• Assignment:
With the pictures removed, set down all of the entries below exactly.

• Data listing:
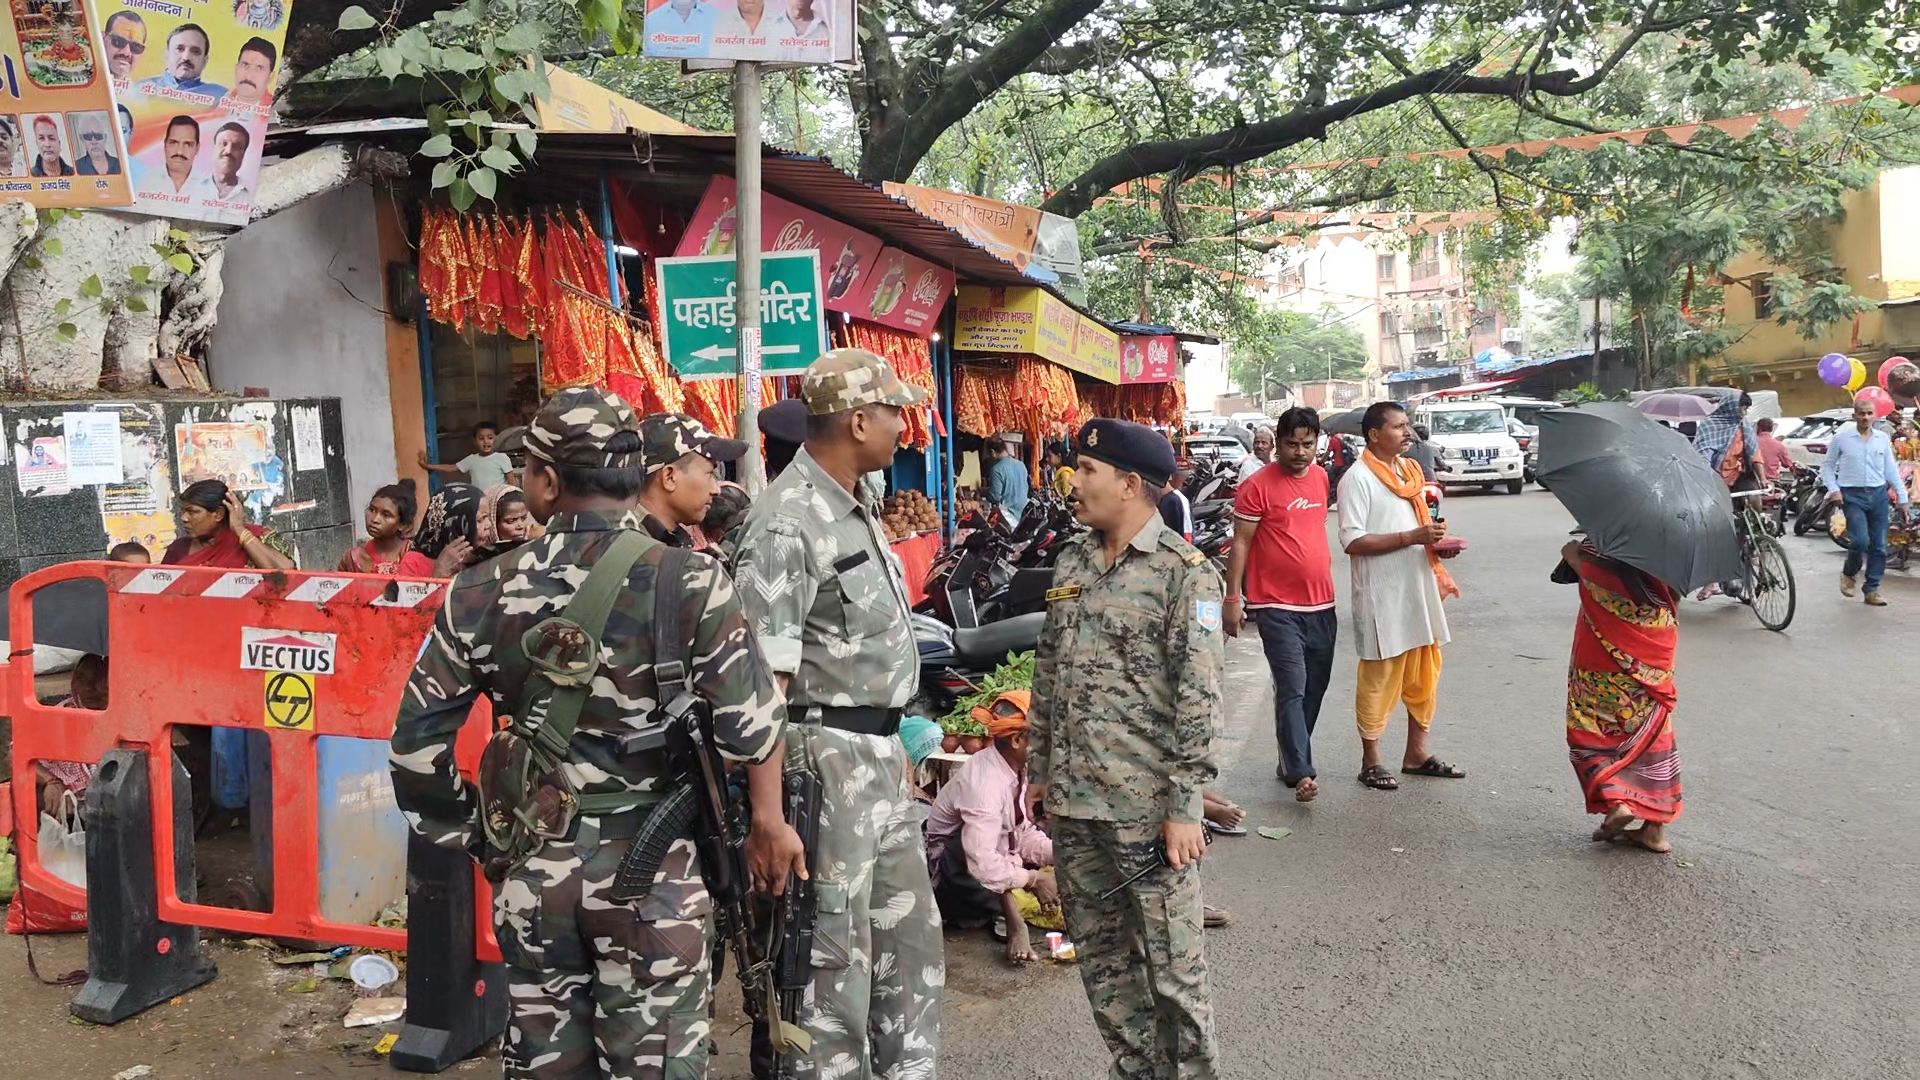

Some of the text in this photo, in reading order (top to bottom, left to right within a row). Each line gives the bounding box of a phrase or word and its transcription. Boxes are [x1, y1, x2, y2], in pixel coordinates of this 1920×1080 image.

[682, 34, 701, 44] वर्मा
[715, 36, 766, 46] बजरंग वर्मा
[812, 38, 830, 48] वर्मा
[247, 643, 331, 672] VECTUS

• Answer to this problem:
Some of the text in this photo, in reading order (top to bottom, left to right within a row). Each line gives the bounding box of a phrase or word and its transcription. Boxes are [x1, y1, x2, y2], in pixel coordinates of this 1920×1080 image.

[682, 34, 701, 44] वर्मा
[715, 36, 766, 46] बजरंग वर्मा
[812, 38, 830, 48] वर्मा
[247, 643, 331, 672] VECTUS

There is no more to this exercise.